> _YOUR INSTRUCTIONS_
Every record below is to be retyped exactly.

> _DATA EXCERPTS_
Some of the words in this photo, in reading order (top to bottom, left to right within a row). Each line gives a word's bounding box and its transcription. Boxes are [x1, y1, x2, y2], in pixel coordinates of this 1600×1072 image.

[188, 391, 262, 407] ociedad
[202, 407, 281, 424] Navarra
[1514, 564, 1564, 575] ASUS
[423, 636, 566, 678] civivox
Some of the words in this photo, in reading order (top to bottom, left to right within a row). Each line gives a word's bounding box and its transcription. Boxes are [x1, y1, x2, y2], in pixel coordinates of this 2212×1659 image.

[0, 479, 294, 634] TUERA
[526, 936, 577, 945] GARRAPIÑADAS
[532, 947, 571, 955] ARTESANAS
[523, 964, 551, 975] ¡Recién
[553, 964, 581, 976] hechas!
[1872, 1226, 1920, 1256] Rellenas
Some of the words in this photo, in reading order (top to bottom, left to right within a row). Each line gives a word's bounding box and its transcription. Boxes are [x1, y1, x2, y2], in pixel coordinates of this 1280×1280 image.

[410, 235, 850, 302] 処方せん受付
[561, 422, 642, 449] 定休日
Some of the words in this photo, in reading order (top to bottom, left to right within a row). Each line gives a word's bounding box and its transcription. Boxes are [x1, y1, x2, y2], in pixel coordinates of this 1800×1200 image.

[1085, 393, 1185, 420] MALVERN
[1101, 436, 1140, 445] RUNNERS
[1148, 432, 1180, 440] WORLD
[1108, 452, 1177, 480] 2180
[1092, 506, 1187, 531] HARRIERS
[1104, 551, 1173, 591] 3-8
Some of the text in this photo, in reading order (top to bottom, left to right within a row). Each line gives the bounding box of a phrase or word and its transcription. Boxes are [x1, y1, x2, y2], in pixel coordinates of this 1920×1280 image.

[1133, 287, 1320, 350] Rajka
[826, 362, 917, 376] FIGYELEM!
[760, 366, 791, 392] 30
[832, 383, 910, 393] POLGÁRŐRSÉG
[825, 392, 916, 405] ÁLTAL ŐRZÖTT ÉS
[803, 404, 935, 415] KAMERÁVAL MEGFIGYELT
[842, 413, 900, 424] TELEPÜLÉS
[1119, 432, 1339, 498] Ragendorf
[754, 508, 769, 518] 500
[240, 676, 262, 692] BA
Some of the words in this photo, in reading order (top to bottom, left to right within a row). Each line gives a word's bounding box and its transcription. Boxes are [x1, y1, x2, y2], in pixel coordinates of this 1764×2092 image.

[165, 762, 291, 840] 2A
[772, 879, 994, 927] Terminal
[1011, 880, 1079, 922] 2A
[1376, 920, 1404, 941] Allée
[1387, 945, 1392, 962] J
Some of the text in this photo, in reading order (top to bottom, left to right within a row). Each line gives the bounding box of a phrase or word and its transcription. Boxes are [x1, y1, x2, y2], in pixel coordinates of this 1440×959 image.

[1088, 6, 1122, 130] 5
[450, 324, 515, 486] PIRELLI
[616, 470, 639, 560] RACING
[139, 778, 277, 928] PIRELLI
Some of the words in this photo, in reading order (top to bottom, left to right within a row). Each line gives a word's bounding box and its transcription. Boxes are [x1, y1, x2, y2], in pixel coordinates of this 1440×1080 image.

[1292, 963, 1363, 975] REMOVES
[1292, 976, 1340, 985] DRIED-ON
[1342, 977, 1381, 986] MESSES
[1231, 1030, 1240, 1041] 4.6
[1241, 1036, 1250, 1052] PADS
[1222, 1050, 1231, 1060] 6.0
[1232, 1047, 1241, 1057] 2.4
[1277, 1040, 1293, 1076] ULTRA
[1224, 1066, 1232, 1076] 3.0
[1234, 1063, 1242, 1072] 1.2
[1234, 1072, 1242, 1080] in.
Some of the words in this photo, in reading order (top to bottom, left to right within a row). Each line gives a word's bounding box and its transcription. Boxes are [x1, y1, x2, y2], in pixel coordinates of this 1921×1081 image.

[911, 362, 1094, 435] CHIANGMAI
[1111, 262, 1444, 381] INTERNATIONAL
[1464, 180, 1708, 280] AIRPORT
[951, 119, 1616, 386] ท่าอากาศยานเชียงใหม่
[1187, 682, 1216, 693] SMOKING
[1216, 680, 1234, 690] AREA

> _SOLUTION BELOW_
Some of the words in this photo, in reading order (top to bottom, left to right within a row). Each line gives a word's bounding box and its transcription. Boxes are [x1, y1, x2, y2], in pixel coordinates of this 1600×1072 image.

[188, 391, 262, 407] ociedad
[202, 407, 281, 424] Navarra
[1514, 564, 1564, 575] ASUS
[423, 636, 566, 678] civivox
Some of the words in this photo, in reading order (top to bottom, left to right within a row). Each line gives a word's bounding box and its transcription. Boxes are [x1, y1, x2, y2], in pixel coordinates of this 2212×1659 image.

[0, 479, 294, 634] TUERA
[526, 936, 577, 945] GARRAPIÑADAS
[532, 947, 571, 955] ARTESANAS
[523, 964, 551, 975] ¡Recién
[553, 964, 581, 976] hechas!
[1872, 1226, 1920, 1256] Rellenas
Some of the words in this photo, in reading order (top to bottom, left to right within a row). Each line gives a word's bounding box and its transcription. Boxes are [x1, y1, x2, y2], in pixel coordinates of this 1280×1280 image.

[410, 235, 850, 302] 処方せん受付
[561, 422, 642, 449] 定休日
Some of the words in this photo, in reading order (top to bottom, left to right within a row). Each line gives a word's bounding box and its transcription. Boxes are [x1, y1, x2, y2], in pixel coordinates of this 1800×1200 image.

[1085, 393, 1185, 420] MALVERN
[1101, 436, 1140, 445] RUNNERS
[1148, 432, 1180, 440] WORLD
[1108, 452, 1177, 480] 2180
[1092, 506, 1187, 531] HARRIERS
[1104, 551, 1173, 591] 3-8
Some of the text in this photo, in reading order (top to bottom, left to right within a row). Each line gives the bounding box of a phrase or word and its transcription. Boxes are [x1, y1, x2, y2], in pixel coordinates of this 1920×1280 image.

[1133, 287, 1320, 350] Rajka
[826, 362, 917, 376] FIGYELEM!
[760, 366, 791, 392] 30
[832, 383, 910, 393] POLGÁRŐRSÉG
[825, 392, 916, 405] ÁLTAL ŐRZÖTT ÉS
[803, 404, 935, 415] KAMERÁVAL MEGFIGYELT
[842, 413, 900, 424] TELEPÜLÉS
[1119, 432, 1339, 498] Ragendorf
[754, 508, 769, 518] 500
[240, 676, 262, 692] BA
Some of the words in this photo, in reading order (top to bottom, left to right within a row). Each line gives a word's bounding box and its transcription. Boxes are [x1, y1, x2, y2], in pixel coordinates of this 1764×2092 image.

[165, 762, 291, 840] 2A
[772, 879, 994, 927] Terminal
[1011, 880, 1079, 922] 2A
[1376, 920, 1404, 941] Allée
[1387, 945, 1392, 962] J
Some of the text in this photo, in reading order (top to bottom, left to right within a row). Each line gives the bounding box of a phrase or word and its transcription. Boxes are [x1, y1, x2, y2], in pixel coordinates of this 1440×959 image.

[1088, 6, 1122, 130] 5
[450, 324, 515, 486] PIRELLI
[616, 470, 639, 560] RACING
[139, 778, 277, 928] PIRELLI
Some of the words in this photo, in reading order (top to bottom, left to right within a row). Each line gives a word's bounding box and its transcription. Boxes are [x1, y1, x2, y2], in pixel coordinates of this 1440×1080 image.

[1292, 963, 1363, 975] REMOVES
[1292, 976, 1340, 985] DRIED-ON
[1342, 977, 1381, 986] MESSES
[1231, 1030, 1240, 1041] 4.6
[1241, 1036, 1250, 1052] PADS
[1222, 1050, 1231, 1060] 6.0
[1232, 1047, 1241, 1057] 2.4
[1277, 1040, 1293, 1076] ULTRA
[1224, 1066, 1232, 1076] 3.0
[1234, 1063, 1242, 1072] 1.2
[1234, 1072, 1242, 1080] in.
Some of the words in this photo, in reading order (top to bottom, left to right within a row). Each line gives a word's bounding box and its transcription. Boxes are [x1, y1, x2, y2], in pixel coordinates of this 1921×1081 image.

[911, 362, 1094, 435] CHIANGMAI
[1111, 262, 1444, 381] INTERNATIONAL
[1464, 180, 1708, 280] AIRPORT
[951, 119, 1616, 386] ท่าอากาศยานเชียงใหม่
[1187, 682, 1216, 693] SMOKING
[1216, 680, 1234, 690] AREA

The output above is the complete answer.